Francis has been, in a sense, one of the most successful of the saints, largely because of the peculiar aura of magical charm which surrounds him as depicted in legend and art, an aura which can still be perceived at Assisi, despite the tourists. In his book Mr. Holland Smith endeavours to go behind legend and art to the real man in his real world. When he says that if Francis were to appear in modern Europe or America "he might attract the lunatic fringe of the middle-class" (p.165), the remark has to be understood in the context of the contention that Francis was a man of his time. It does not necessarily follow that in the author's opinion no vision of the Christian life would have any relevance to modern society. What follows is that, to be relevant, the vision would require a different expression.
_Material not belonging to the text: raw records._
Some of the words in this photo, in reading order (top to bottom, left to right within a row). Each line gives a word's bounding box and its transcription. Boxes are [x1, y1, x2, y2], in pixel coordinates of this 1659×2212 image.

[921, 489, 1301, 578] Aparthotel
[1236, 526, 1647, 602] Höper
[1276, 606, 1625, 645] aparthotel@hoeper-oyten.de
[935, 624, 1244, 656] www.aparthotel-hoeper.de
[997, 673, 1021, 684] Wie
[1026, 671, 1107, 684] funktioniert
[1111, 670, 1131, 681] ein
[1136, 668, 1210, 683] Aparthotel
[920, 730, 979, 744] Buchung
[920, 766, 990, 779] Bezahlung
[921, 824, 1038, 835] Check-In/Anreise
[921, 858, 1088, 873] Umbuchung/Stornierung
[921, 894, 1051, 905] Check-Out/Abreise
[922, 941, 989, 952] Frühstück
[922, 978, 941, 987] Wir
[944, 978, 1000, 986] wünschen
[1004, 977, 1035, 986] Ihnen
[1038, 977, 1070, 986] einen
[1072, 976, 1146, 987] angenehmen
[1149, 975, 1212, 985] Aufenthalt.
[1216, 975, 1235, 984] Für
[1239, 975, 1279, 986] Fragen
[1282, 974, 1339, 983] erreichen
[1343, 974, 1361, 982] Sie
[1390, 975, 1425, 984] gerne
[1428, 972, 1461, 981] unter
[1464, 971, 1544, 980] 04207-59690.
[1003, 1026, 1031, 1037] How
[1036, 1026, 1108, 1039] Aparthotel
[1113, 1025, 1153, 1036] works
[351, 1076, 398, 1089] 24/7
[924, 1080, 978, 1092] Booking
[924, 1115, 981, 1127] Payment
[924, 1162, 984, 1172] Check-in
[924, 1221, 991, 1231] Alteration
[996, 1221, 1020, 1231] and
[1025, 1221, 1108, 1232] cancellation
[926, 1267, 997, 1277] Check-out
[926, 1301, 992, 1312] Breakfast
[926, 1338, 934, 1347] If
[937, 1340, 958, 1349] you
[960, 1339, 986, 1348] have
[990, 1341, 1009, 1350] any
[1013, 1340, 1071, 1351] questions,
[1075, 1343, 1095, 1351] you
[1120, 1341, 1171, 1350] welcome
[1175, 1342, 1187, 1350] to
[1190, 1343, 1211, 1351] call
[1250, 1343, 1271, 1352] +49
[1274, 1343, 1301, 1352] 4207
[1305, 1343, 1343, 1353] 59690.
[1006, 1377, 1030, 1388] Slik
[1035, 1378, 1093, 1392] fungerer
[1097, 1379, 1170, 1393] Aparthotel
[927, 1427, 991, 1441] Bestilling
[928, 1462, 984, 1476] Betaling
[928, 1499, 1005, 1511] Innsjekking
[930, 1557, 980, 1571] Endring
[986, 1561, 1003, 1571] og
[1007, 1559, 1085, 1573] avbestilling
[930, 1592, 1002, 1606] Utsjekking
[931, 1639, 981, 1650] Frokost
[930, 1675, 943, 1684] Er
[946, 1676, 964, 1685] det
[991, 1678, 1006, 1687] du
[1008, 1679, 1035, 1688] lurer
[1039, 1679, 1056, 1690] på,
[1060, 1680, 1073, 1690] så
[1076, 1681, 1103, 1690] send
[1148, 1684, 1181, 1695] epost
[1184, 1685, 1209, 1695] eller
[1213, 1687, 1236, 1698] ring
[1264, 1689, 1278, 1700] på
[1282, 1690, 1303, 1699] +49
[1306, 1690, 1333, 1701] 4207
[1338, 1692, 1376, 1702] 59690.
The present reviewer however is not clear what conclusions the author intends Lo be drawn from his attempt to interpret Francis's spiritual career in terms of the Jungian psychology. We are told, for example, that with stigmatisation "the invasion of his (Francis's) ego from the undifferentiated self was complete; Francis had become the embodiment of the anthropos archetype" (p.15'7). Does this imply that what Francis conceived as God was a projection of the undifferentiated self? The reader who is looking for a biography of Francis which supplies historical background, depicts a human personality and is free from the conventions of the old-style hagiography will doubtless find the book helpful, even if it can hardly be regarded as the definitive portrait of the ' real ' Francis. Whether the reader feels illuminated by excursions into Jungian psychology will depend of course , on the extent to which he is prepared to take Jung's ideas seriously.

Father Copleston is Principal of Heythrop College.